On 19th August 1942, as 1st Lieutenant of MGB 326, Alasdair was navigation officer for the boat which acted as navigational leader for the main landing at Dieppe, Yellow Beach. Due to his insistence that an alternative channel was used they were only three minutes late in landing and for his part in the Dieppe raid he was mentioned in despatches.
Lt Watson served in the 12th and 14th Motor Gun Boat flotillas which were earmarked for clandestine operations, dropping and retrieving agents on the French coast, beach surveys of the Bay of the Seine, escorting Fleet minesweepers preparing for the invasion, “Hostile” mine-laying operations off the Channel Islands, and numerous raids and surface actions in the Channel and off the Normandy and Brittany coasts.
As 1st Lieutenant of MGB 317 he took part in mine laying operations off the Channel Islands and was again mentioned in despatches.
MGB317 conducted clandestine night-time surveys of the Normandy beaches taking frogmen to within three miles of the coast and then waiting at anchor for their return with beach soil samples.

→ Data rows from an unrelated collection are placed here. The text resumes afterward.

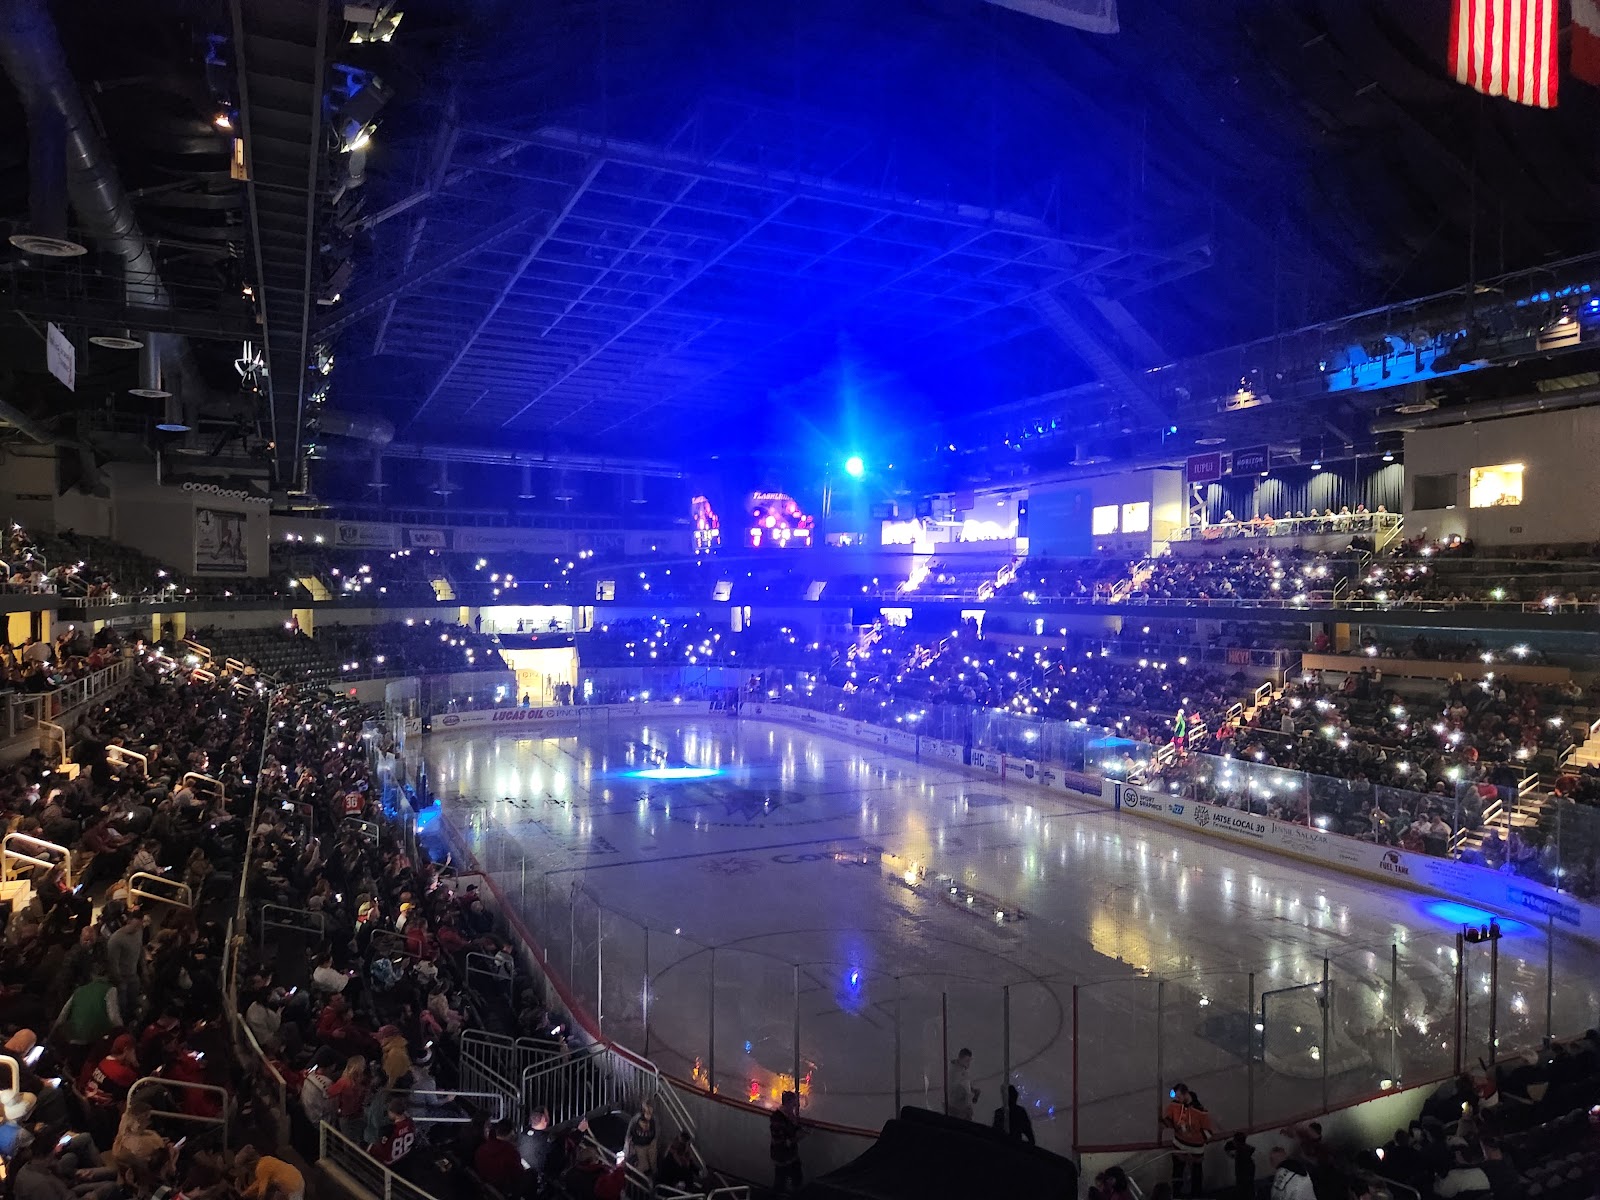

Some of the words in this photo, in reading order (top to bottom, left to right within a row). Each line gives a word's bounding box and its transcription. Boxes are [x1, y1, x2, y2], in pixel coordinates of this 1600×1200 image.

[493, 710, 526, 721] LUCAS
[527, 709, 545, 719] OIL
[1212, 813, 1232, 825] IATSE
[1232, 818, 1255, 830] LOCAL
[1256, 824, 1265, 833] 30
[1379, 861, 1394, 872] FUEL
[1395, 865, 1409, 875] TANK

In 1944 April he was appointed to command MGB 330 and conducted pre-D-Day exercises in the English Channel and took part as Navigational Leader guiding the assault wave of Landing Crafts Assault in Operation Neptune from Portsmouth to the beaches of Normandy on 6th June 1944. MGB 330 led in landing craft to Juno J2 beach off Bernieres-sur-Mer and further escorted HMS Prince Henry, a Landing Ship Troops, to Juno beach. Here occurred one of life’s coincidences; Prince Henry carried the 1st Battalion Canadian Scottish regiment. Alasdair’s cousin, Lieutenant Ian Macdonald, was serving with Canadian Scottish and was escorted to his landing beach by his Scottish cousin commanding MGB 330. Four days later Lt. Ian Macdonald was killed on night patrol at Putot-en-Bessin on 10th June 1944. They had met earlier at a Combined Operations Mess in Portsmouth and Ian had visited the family home in Edinburgh.

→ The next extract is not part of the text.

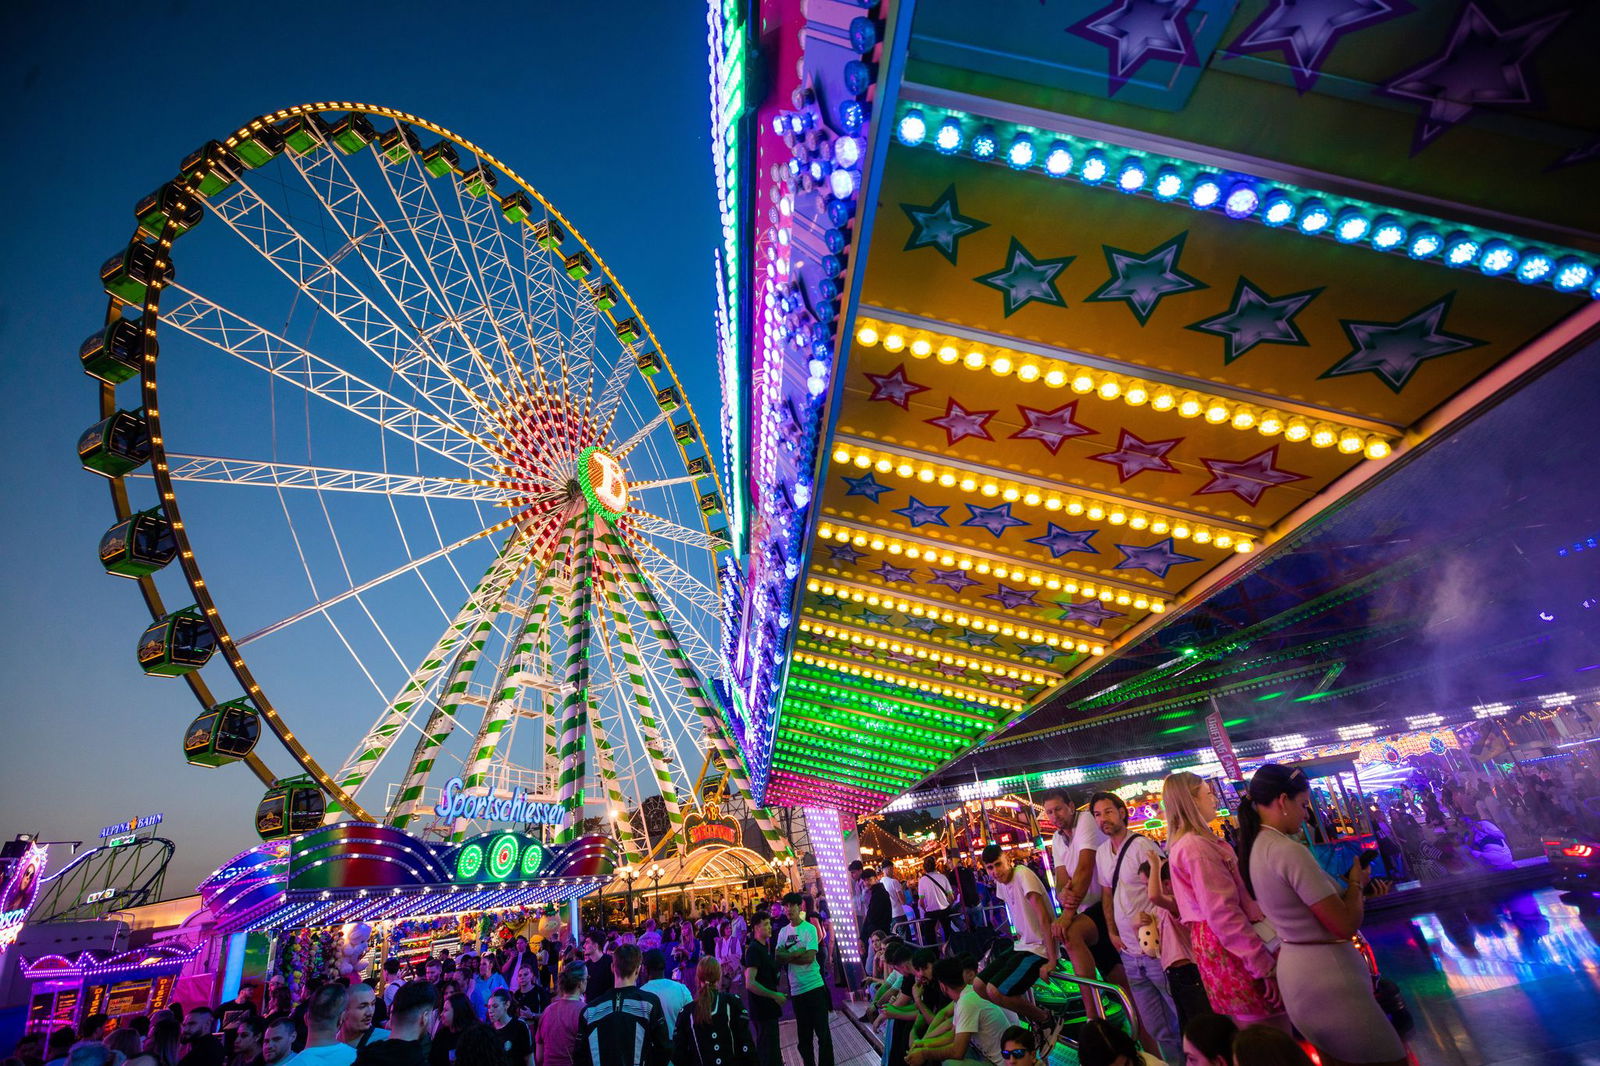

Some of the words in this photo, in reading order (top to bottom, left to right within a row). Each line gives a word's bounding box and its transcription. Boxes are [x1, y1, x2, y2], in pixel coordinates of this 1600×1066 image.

[1208, 718, 1228, 753] DRIFTING
[434, 776, 566, 825] Sportschiessen
[99, 821, 131, 838] ALPINA
[137, 813, 164, 828] BAHN

Somewhat ironically, after the surrender of German Forces in May 1945, Alasdair was appointed Senior Officer German E-Boats based for evaluation at HMS Hornet, Portsmouth. He was awarded the DSC in December 1945 for his part in operations during the war.
In 1946 he re-enrolled as medical student; but decided university was not for him and thereafter found employment as a schoolmaster at Dalhousie Castle School teaching mathematics and later at Melville House, Ladybank and Clifton Hall School, Newbridge where he spent many happy years teaching maths, science, coaching rugby and athletics.
In 1951 he joined the Royal Naval Reserve at HMS Claverhouse and in 1958 was appointed to command HMS Scotia, a new naval training establishment in Pitreavie, Fife, which is now at Rosyth. In 1957 he commanded HMS Killiecrankie, a wood and aluminium built Coastal Minesweeper, on a two-week seaborne training exercise from Leith to the Humber. In 1963 he was promoted Captain and served as ADC to the Queen. He commanded H.M.S. Scotia for eight years until his promotion to command HMS Claverhouse, at Granton Square in Edinburgh. He retired from the navy in 1971.
In his retirement Alasdair was president of the Combined Operations Association based in Inveraray and it is significant that the shores of Loch Fyne, where he lived, was the scene of many practise landings for the liberation of Europe in 1944.
In 1960 he met and married Miss Isobel Elizabeth Crawford of Comrie with whom he spent many happy years until her death in 1994. They had no children. They entertained their many friends with typical Scottish highland hospitality.
Fiercely proud of his family descending from the Macdonalds of Keppoch, Alasdair wore the Keppoch tartan and is buried in the family plot at Cille Choirill, Roy Bridge, Lochaber.